Weber: This technology can certainly be applied to any wastewater treatment plant, the question is what is already available and how can I integrate it. We in Heidelberg, together with Professor Trösch, have designed this in such a way that we have designed the plant to a certain value, the experts say to the 85% value that the plant can always be operated in the optimal range with 10-12 kilograms of organic matter per cubic meter / day and if peaks occur, - these peaks are automatically bypassed around the high-load digestion in the normal process and the downstream digestion is initiated. We have done very well with this concept so far, and I think that this solution is also suitable for sewage treatment plants that have the same problems as we do: non-functioning digestion towers with unfavourable geometry, and here I also see a point of application for the upstream high-load digestion to achieve a better degradation rate and also to ensure the process stability of a downstream digestion.
For sewage treatment plants that do not yet have digestion and have a population equivalent of 10, 15, 20,000 and a wet sludge disposal or stabilisation plant, I would prefer a two-stage high-load digestion system such as the one in Leonberg. For them, it may well be economically viable to set up a high-load digestion plant. The sludge reduction, the quantity reduction and the energy recovery of the sewage gas must be compared with the operating costs of a current operation. So for sewage treatment plants which do not yet have any digestion at all, and these are the smaller sewage treatment plants, I see an interesting and cost-effective application, also with regard to the new requirements which are coming up for sewage sludge disposal. I think you have to keep in mind that there will be a lot of changes with regard to sewage sludge disposal.

ITUC: Has there already been an echo among experts on the new technology as it is used here in Heidelberg?
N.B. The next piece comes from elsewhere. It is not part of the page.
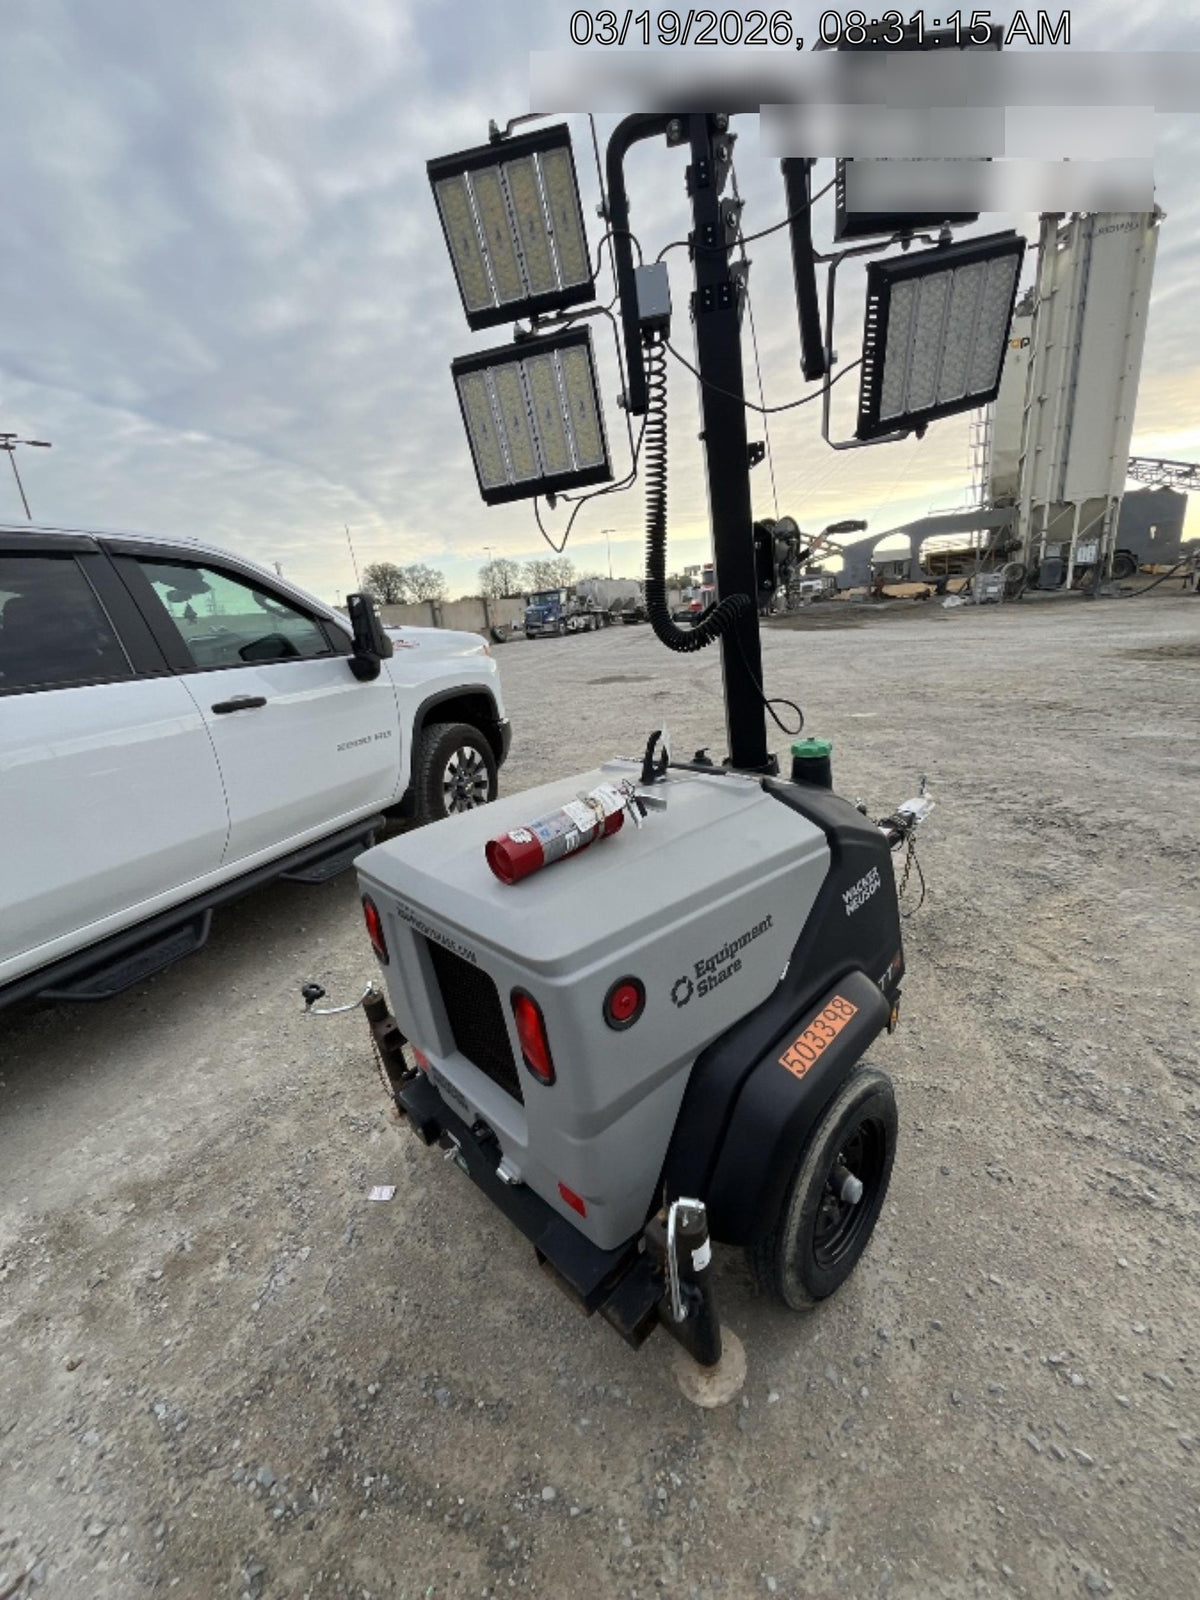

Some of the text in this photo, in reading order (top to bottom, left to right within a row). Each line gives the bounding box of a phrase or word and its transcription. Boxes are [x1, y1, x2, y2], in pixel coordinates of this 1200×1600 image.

Weber: Yes, so the plant is running and we have already had many visits. We have had the ATV here, the sewage treatment plant neighbours who have looked at the sewage treatment plant. And as I said before, it is a slightly different philosophy that the Fraunhofer Institute pursues. At first the colleagues and the specialist companies and the specialist offices that were there were a little sceptical. When they saw the plant, how it works, how it is constructed, how it is designed, and when they saw the operating values and spoke to our operating personnel, this scepticism was overcome by most of them.

ITUC: And as Fraunhofer IGB, we naturally hope that even more sceptics will be convinced by our technology here in Heidelberg. Mr. Weber, thank you for this interview.